By the time we got out of the car, consulted the map, and began walking up the path from the car park, the Quiraing that I’d been admiring on Instagram and online for months in preparation for our trip had become almost completely concealed by fog. And the longer we deliberated on whether to continue with our hike, the denser it got. In the end, we decided to give it a try, despite the fact that we wouldn’t actually see the scenery that brought us out here in the first place. We had our fingers crossed the fog would pass as quickly as the storm had, though.

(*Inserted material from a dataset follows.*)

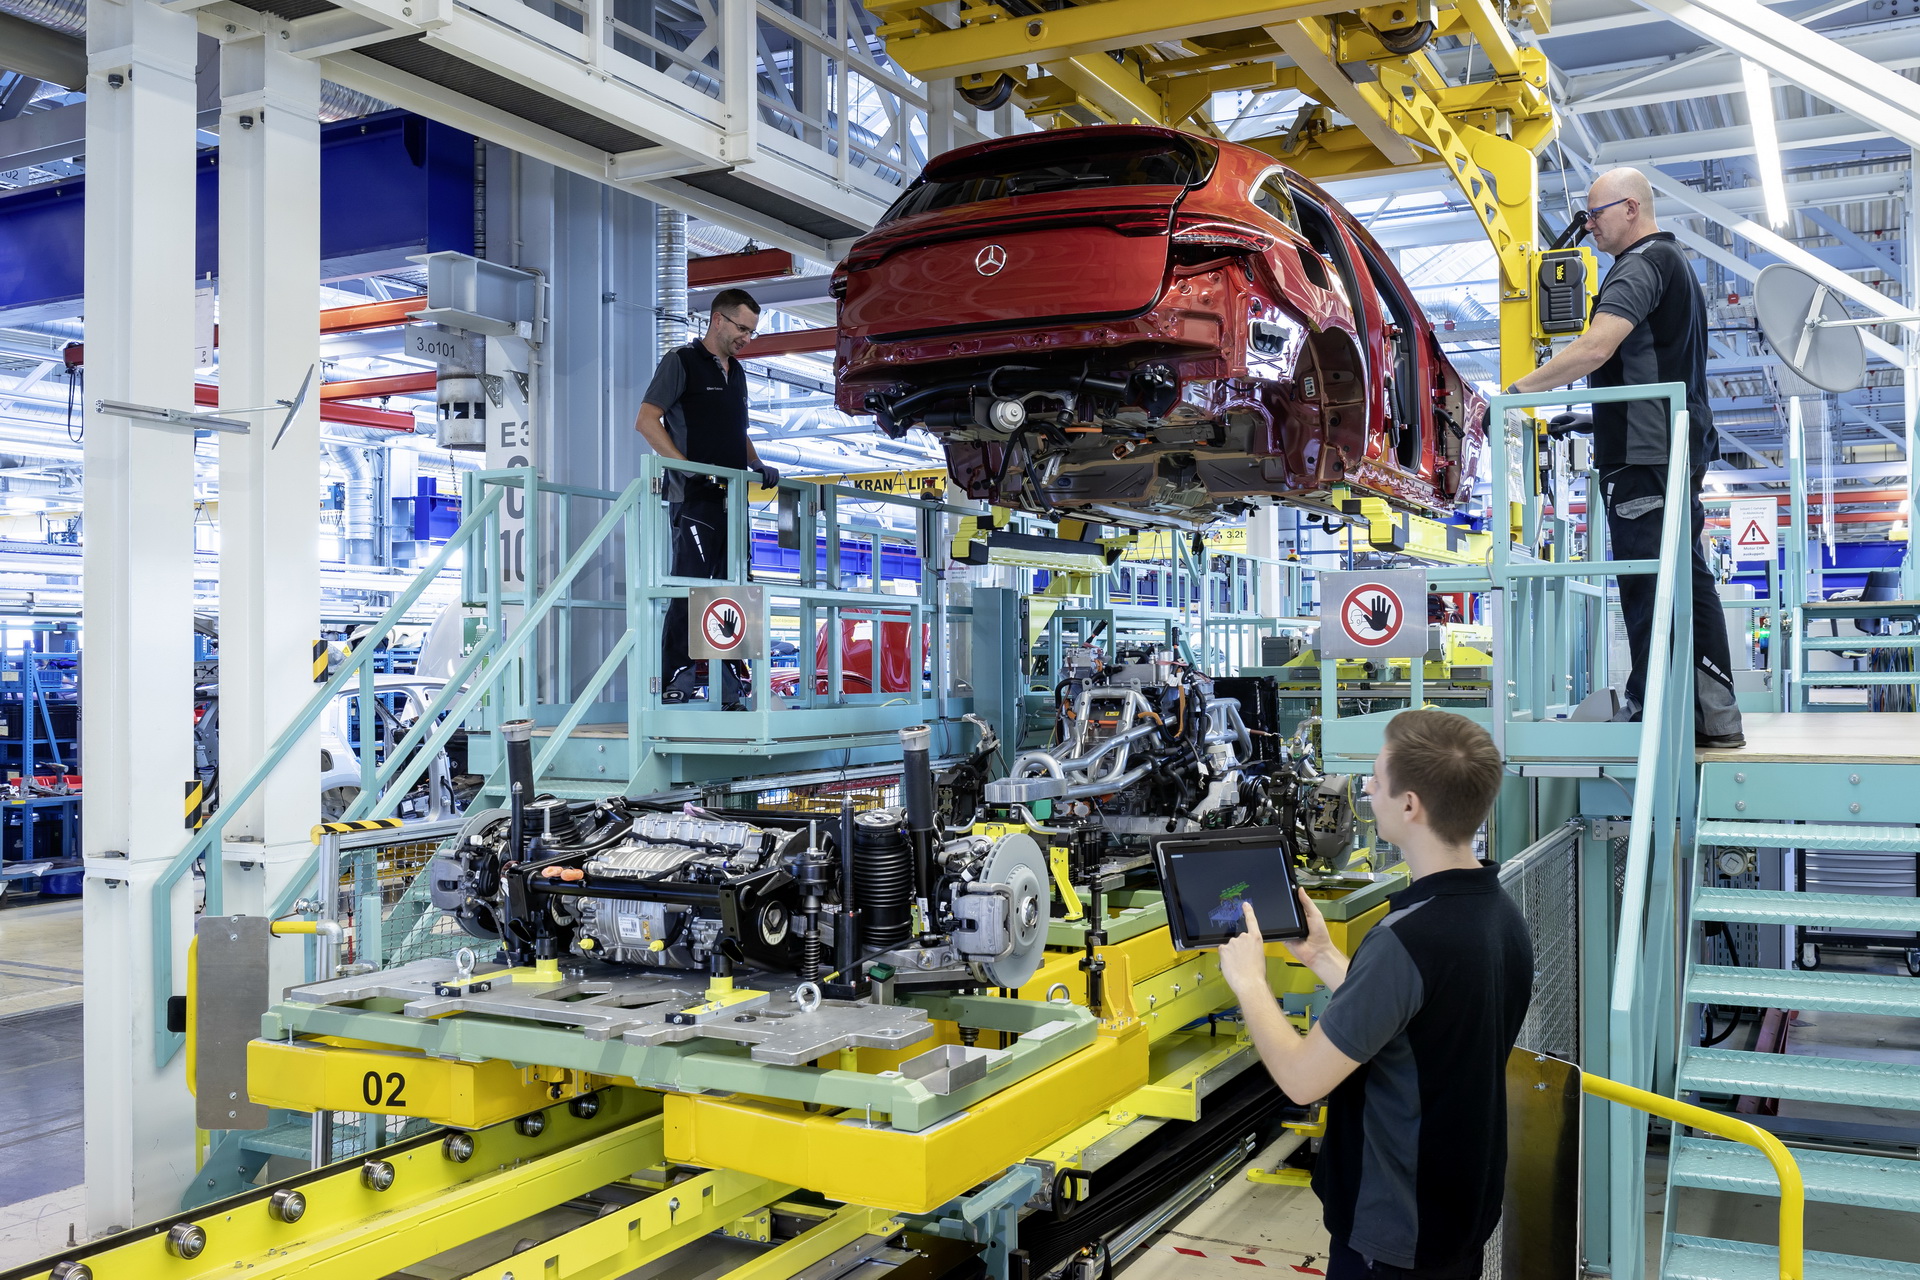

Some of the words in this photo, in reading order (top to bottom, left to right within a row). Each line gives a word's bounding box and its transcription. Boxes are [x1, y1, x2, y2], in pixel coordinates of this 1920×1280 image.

[1556, 264, 1565, 280] Yale
[854, 478, 893, 491] KRAN
[363, 1070, 407, 1107] 02

Except it didn’t. We made it less than a mile into the 3-mile route that would have taken us around the Quiraing before not only could we not clearly see the scenery around us, but in some places it was even difficult to see the path we were supposed to be on. Unwilling to risk a fall, we decided to turn around and head back to the starting point. I was disappointed we didn’t get to complete the hike as planned, but as someone who enjoys taking pictures regardless of weather conditions, there was a silver lining. The fog allowed me to capture Scotland as I’ve always seen it in my head – kind of dark, broody, and mysterious. Also, did you know in Scotland they call this kind of fog, haar? That’s fun to say.
That last photo there is one of my favorites from the trip. I mean, how much more Scottish can you get? Dramatic landscape, check. Misty fog, check. Man in kilt, check. I kind of love the juxtaposition of his Adidas backpack and hoodie with the traditional Scottish kilt. He’s all average, everyday hiker on top, proud Scotsman on the bottom. I dig it.
And because I wanted his picture, but there was no possible way I could get it without him noticing the strange female laying on the ground behind him, I awkwardly asked him if I could take his photo (I am so weird about that) and afterwards we got to talking. Turns out, this man was born on the Isle of Skye and lived his entire life here. You guys, Skye is tiny – I just can’t even imagine. There is so much beauty here, and a true nature-lover would certainly feel at home among the hills and mountains and lochs, but still. I haven’t been anywhere yet that I’d be comfortable to settle down in for more than a couple years, much less put down roots and never leave. That sort of love and commitment blows my mind.
Anyway, in case you’re interested in the hike we tried to take, that info is here. Note that bypassing the summit of the Quiraing will make the route a little quicker and easier without sacrificing too much of the scenery. We, unfortunately, didn’t get the chance to return to the Quiraing and try this hike again before it was time to head back to London, but we did get to go on some of the other popular hikes on the Isle of Skye and had much better luck with the weather for those!